Faut-il former les ministres des cultes, les cadres religieux au sein des universités ? La question n’est pas provocatrice. Elle est récurrente dans l’université de Strasbourg : cf infra, les contributions du regretté Etienne Trocmé et de Franck Fregosi. Elle est de nouveau posée à propos du projet LABEX “RES0. Religions et sociétés : textes, normes et pratiques”. Elle doit être débattue avec sérénité. En particulier dans cette période d’ouverture de la Grande Mosquée de Strasbourg.
Le projet RESO est piloté par Francis Messner, directeur de recherche au CNRS, directeur de l’UMR PRISME (organigramme), membre de l’équipe Société, droit et religion en Europe (SDRE), spécialiste du droit des religions. Il est co-auteur de Formation des cadres religieux en France. Une affaire d’Etat ? (avec Anne-Laure Zwilling, Genève, Labor et Fides, 2010). Je n’ai pas trouvé en ligne le projet RESO : help au lecteur du blog !
L’université de Strasbourg, dans le contexte très particulier du Concordat, possède une Faculté de théologie catholique, une Faculté de théologie protestante. Doit-elle ouvrir une Faculté de théologie musulmane ? Un Institut national de l’Islam ? Le Collectif Agir ensemble pour une université démocratique s’en émeut dans un communiqué publié le 9 juillet 2012 : “Excellence et laïcité à l’université de Strasbourg”.
Le texte d’Agir articule deux questions critiques. Celle du processus de décision et de financement des projets LABEX, dont le projet RESO retoqué par l’ANR et par le jury international (cet aspect n’est pas traité dans cette chronique). Celle de la création d’un Institut National de l’Islam.
Un Institut national de l’Islam qui aurait une mission de recherche, d’enseignement. Aurait-il, devrait-il avoir une mission de formation des Imams ? A l’université de Strasbourg, il existe déjà une spécialité Islamologie dans la mention du master Sciences et droit des religions. Rubrique “Insertion professionnelle” : “Formation d’universitaires ainsi que de cadres associatifs et religieux. Cette formation en islamologie et en droit musulman est susceptible d’intéresser un public important et diversifié, composé à la fois de cadres et d’intellectuels liés au monde musulman ainsi que de juristes et de spécialistes des sciences sociales… L’objectif de ce Master est d’apporter une contribution décisive à la formation initiale des responsables des institutions religieuses concernées“. Question : combien de diplômés de ce master sont-ils devenus Imams ?
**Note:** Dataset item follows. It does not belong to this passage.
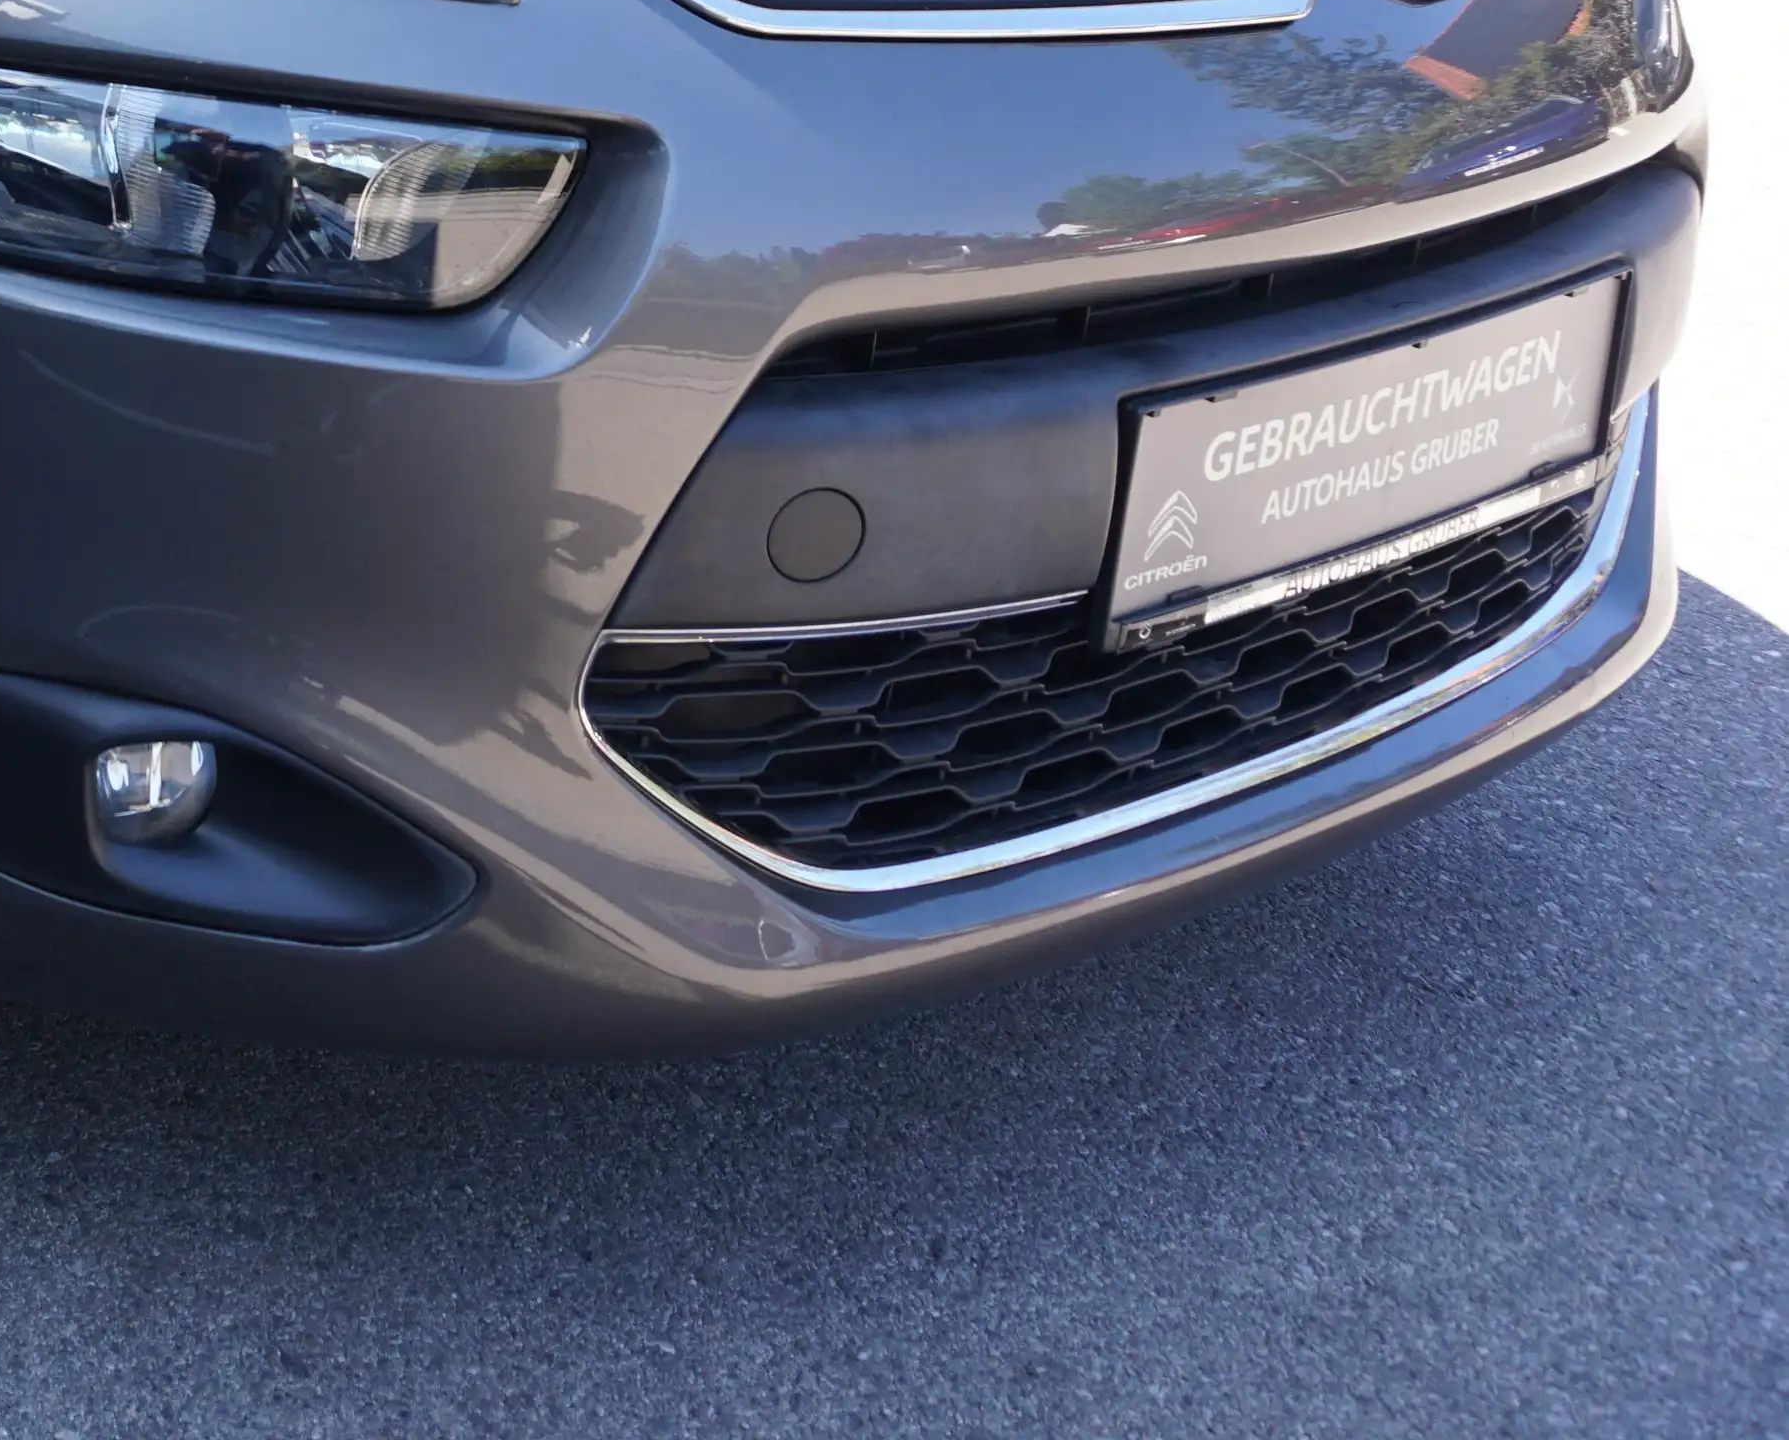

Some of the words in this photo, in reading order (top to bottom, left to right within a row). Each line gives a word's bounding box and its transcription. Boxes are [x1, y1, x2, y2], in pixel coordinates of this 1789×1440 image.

[1204, 330, 1561, 482] GEBRAUCHTWAGEN
[1261, 450, 1406, 525] AUTOHAUS
[1411, 418, 1500, 475] GRUBER
La formation des ministres des cultes catholique et protestante au sein de l’université date de l’époque moderne, de la Réforme et de la Contre-Réforme. Elle prend en compte l’évolution générale des formations. Dans la première moitié des années 80, Etienne Trocmé, par deux fois président de l’université Marc Bloch, impulse la création d’un DESS. Dans la chronique “Quiz. Président et Profession“, je citais Roger Mehl. “La tendance actuelle au niveau du gouvernement est de renforcer les liens entre l’Université et les futurs employeurs des étudiants ; pour la Faculté de théologie, ces employeurs sont par priorité les Églises et les œuvres qui gravitent autour d’elles. Aussi la Faculté s’est-elle hâtée de demander la création d’un nouveau diplôme de troisième cycle, le DESS dont la finalité est précisément de préparer, avec le concours des futurs employeurs, les candidats à l’exercice de leur profession. Le DESS de la Faculté comporte une journée d’enseignement théologique et trois journées de stage [par semaine]“…
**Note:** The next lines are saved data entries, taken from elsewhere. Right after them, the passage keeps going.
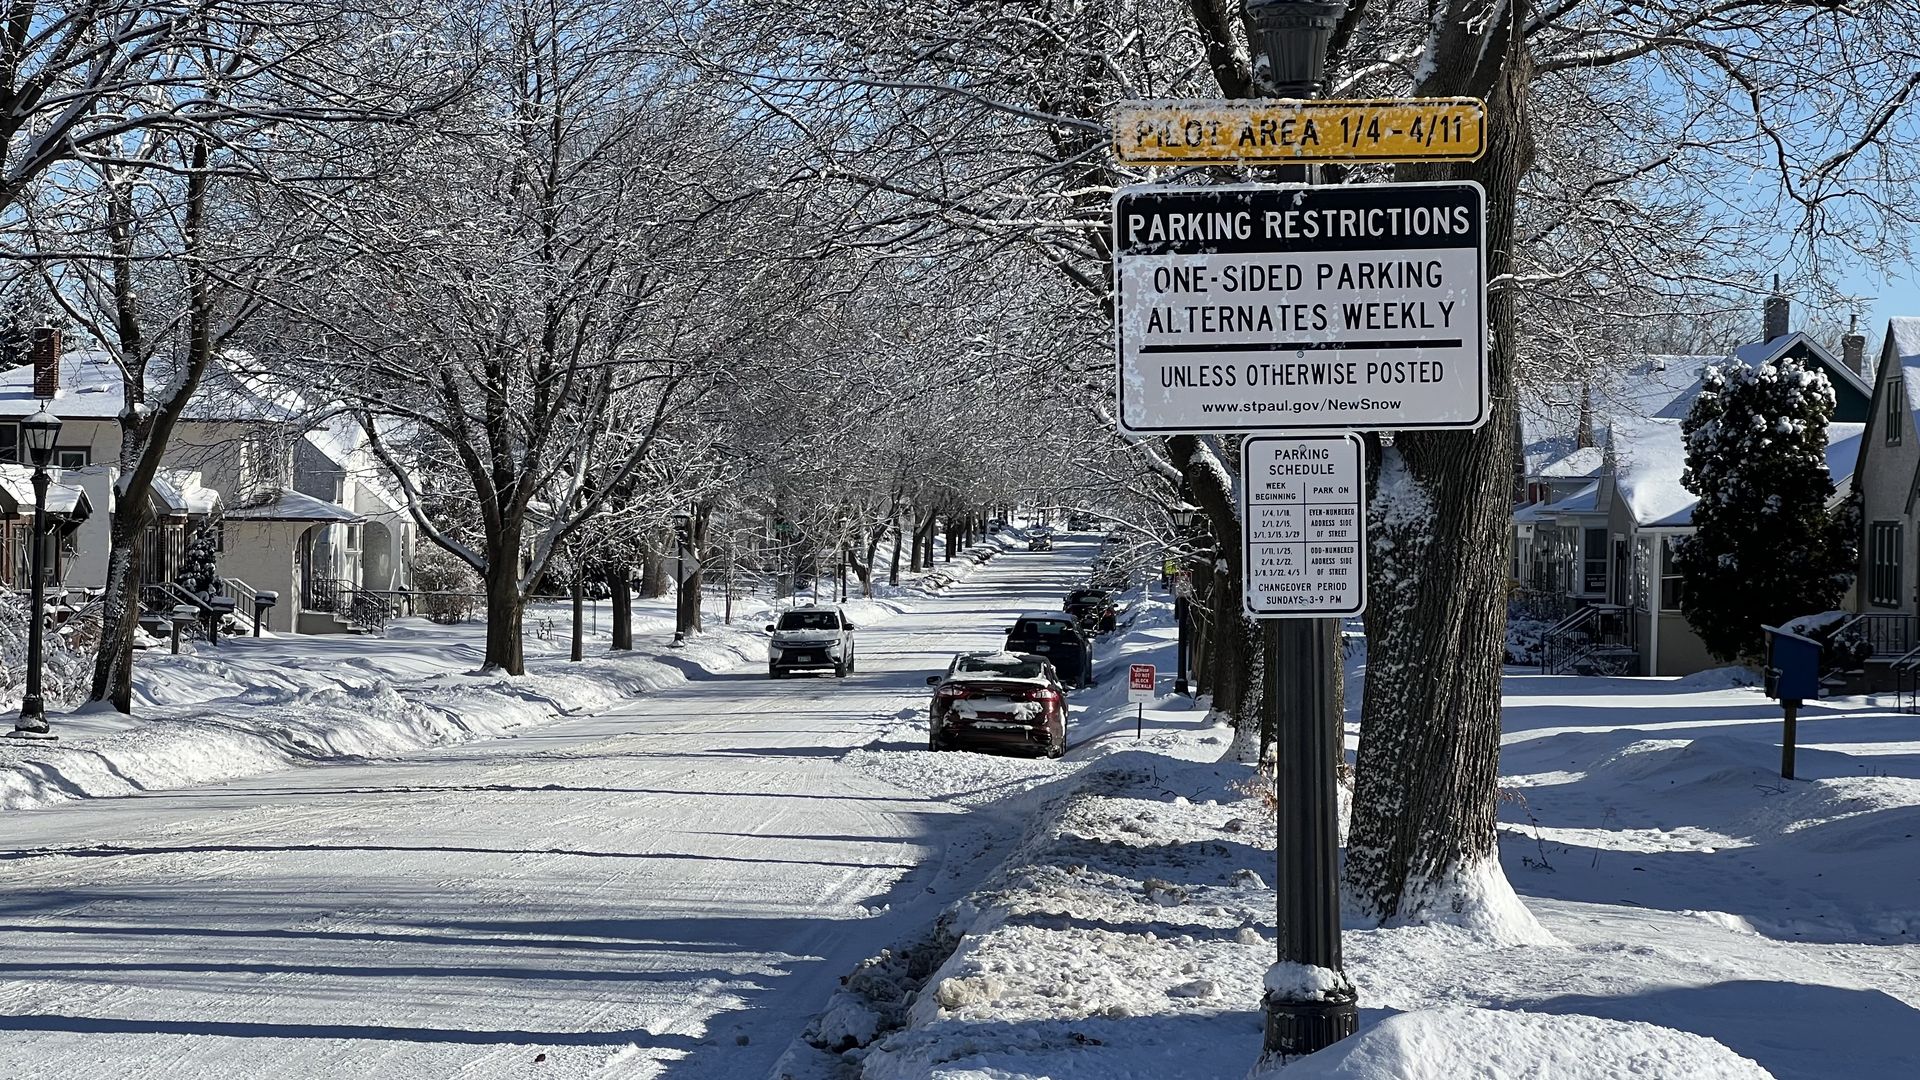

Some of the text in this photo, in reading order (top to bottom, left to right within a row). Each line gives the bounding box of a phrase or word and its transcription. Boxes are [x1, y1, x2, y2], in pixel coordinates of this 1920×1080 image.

[1136, 120, 1221, 147] PILOT
[1239, 117, 1320, 147] AREA
[1128, 207, 1470, 242] PARKING RESTRICTIONS
[1153, 260, 1443, 294] ONE-SIDED PARKING
[1147, 301, 1455, 334] ALTERNATES WEEKLY
[1161, 361, 1444, 388] UNLESS OTHERWISE POSTED
[1202, 398, 1402, 414] www.stpaul.gov/NewSnow
[1275, 448, 1329, 460] PARKING
[1269, 463, 1335, 475] SCHEDULE
[1266, 482, 1286, 490] WEEK
[1313, 486, 1349, 494] PARK ON
[1255, 493, 1296, 501] BEGINNING
[1309, 508, 1355, 516] EVEN-NUMBERED
[1311, 519, 1352, 527] ADDRESS SIDE
[1316, 530, 1347, 538] OF STREET
[1311, 546, 1354, 554] ODD-NUMBERED
[1311, 557, 1352, 565] ADDRESS SIDE
[1316, 568, 1347, 576] OF STREET
[1258, 582, 1347, 592] CHANGEOVER PERIOD
[1266, 595, 1342, 605] SUNDAYS 3-9 PM
Franck Fregosi, médaille de bronze du CNRS à 33 ans, est, à Strasbourg, un “spécialiste de l’Islam contemporain en France et en Europe ; il étudie notamment les processus d’institutionnalisation, d’organisation et de gestion de l’islam dans l’espace européen”. Il a publié un texte faisant remarquablement un point historique sur les questions posées dans cette chronique et par le Collectif Agir : “Un cursus de théologie musulmane à Strasbourg : un enjeu national pour le devenir de l’Islam en France, un défi pour les musulmans d’Alsace”.
Sa conclusion. “De la même manière qu’un travail d’explicitation en direction des musulmans doit être poursuivi, sans ostracisme aucun (on ne peut pas toujours choisir ses interlocuteurs!), et sans fausse complaisance non plus, il faut enfin que les pouvoirs publics se prononcent clairement et en connaissance de causes. En son temps l’actuel ministre de l’intérieur avait écrit “qu’une grande politique d’intégration (devait passer par la création) d’une faculté théologique à Strasbourg pour former les imams. Qu’en est il aujourd’hui ?” Débattre.